Given records:
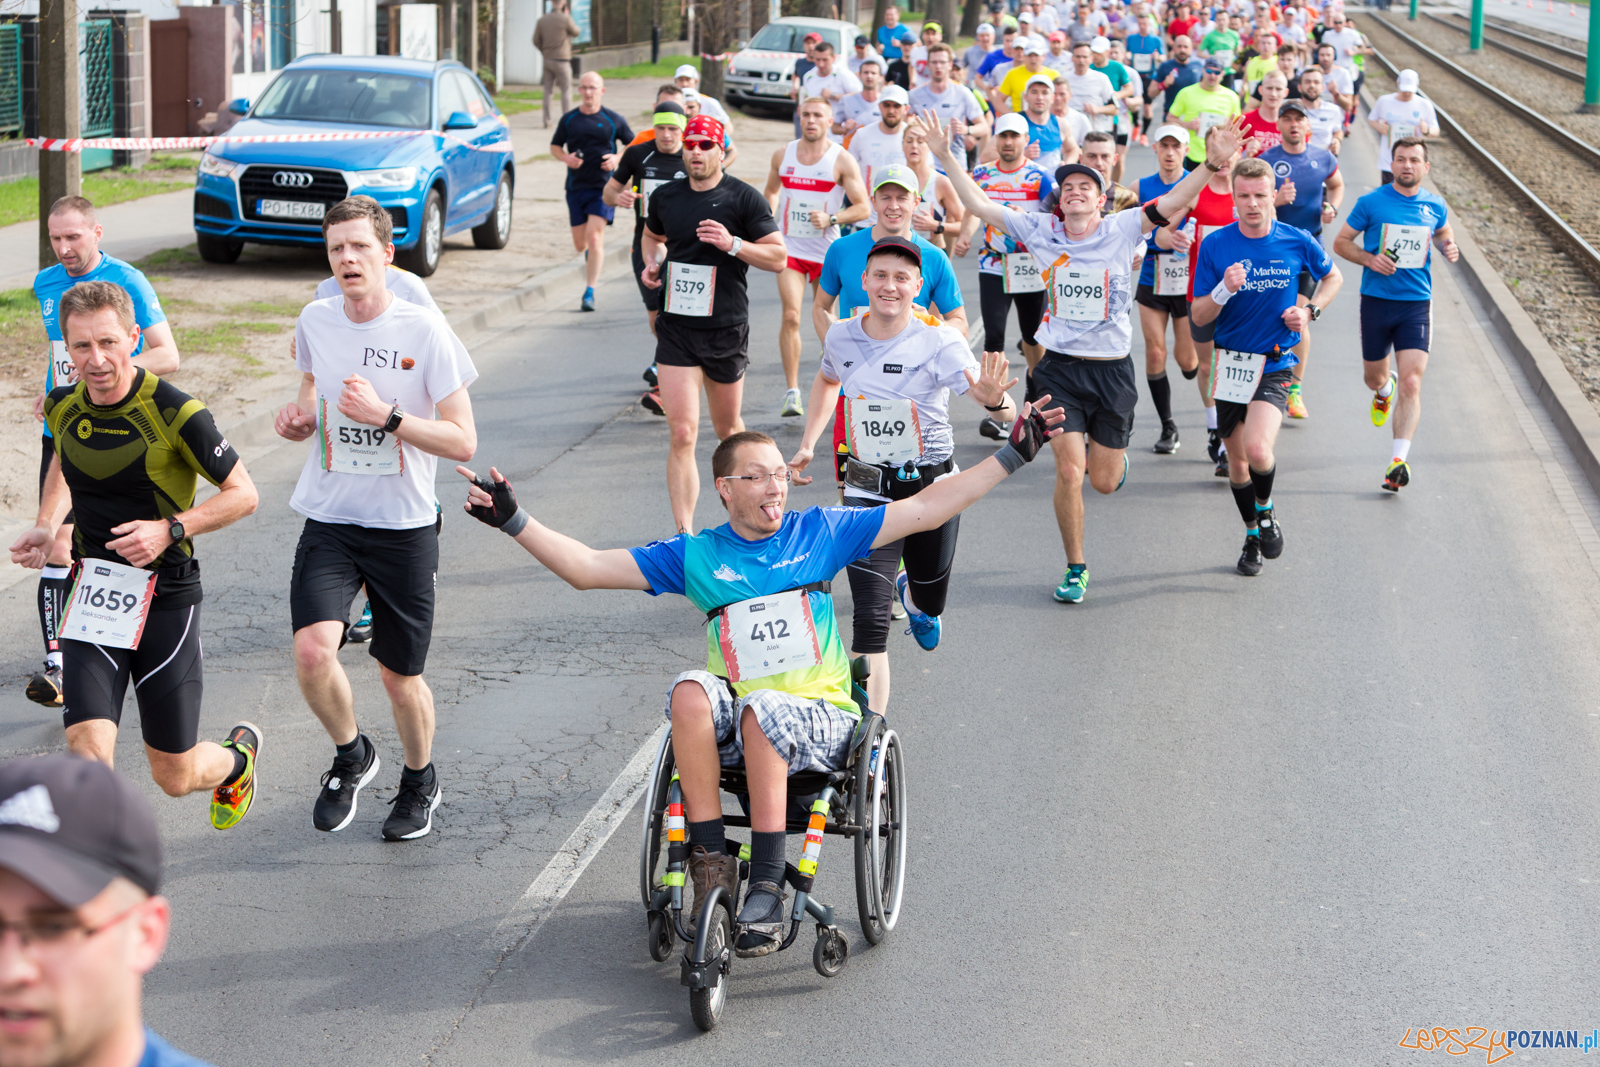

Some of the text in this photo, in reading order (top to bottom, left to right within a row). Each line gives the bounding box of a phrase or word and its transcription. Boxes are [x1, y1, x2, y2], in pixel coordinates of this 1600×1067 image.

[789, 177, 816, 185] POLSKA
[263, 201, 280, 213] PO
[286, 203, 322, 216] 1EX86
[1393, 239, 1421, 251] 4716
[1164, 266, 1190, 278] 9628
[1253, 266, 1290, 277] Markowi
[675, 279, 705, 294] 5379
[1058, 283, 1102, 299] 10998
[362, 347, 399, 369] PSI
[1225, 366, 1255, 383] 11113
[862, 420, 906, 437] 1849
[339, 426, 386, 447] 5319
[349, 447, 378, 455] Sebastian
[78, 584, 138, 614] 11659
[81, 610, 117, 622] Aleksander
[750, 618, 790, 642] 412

Exercise aim: Write out each entry exactly, images excluded.

Task answer:
Some of the text in this photo, in reading order (top to bottom, left to right within a row). Each line gives the bounding box of a phrase or word and its transcription. Boxes are [x1, y1, x2, y2], in pixel coordinates of this 1600×1067 image.

[789, 177, 816, 185] POLSKA
[263, 201, 280, 213] PO
[286, 203, 322, 216] 1EX86
[1393, 239, 1421, 251] 4716
[1164, 266, 1190, 278] 9628
[1253, 266, 1290, 277] Markowi
[675, 279, 705, 294] 5379
[1058, 283, 1102, 299] 10998
[362, 347, 399, 369] PSI
[1225, 366, 1255, 383] 11113
[862, 420, 906, 437] 1849
[339, 426, 386, 447] 5319
[349, 447, 378, 455] Sebastian
[78, 584, 138, 614] 11659
[81, 610, 117, 622] Aleksander
[750, 618, 790, 642] 412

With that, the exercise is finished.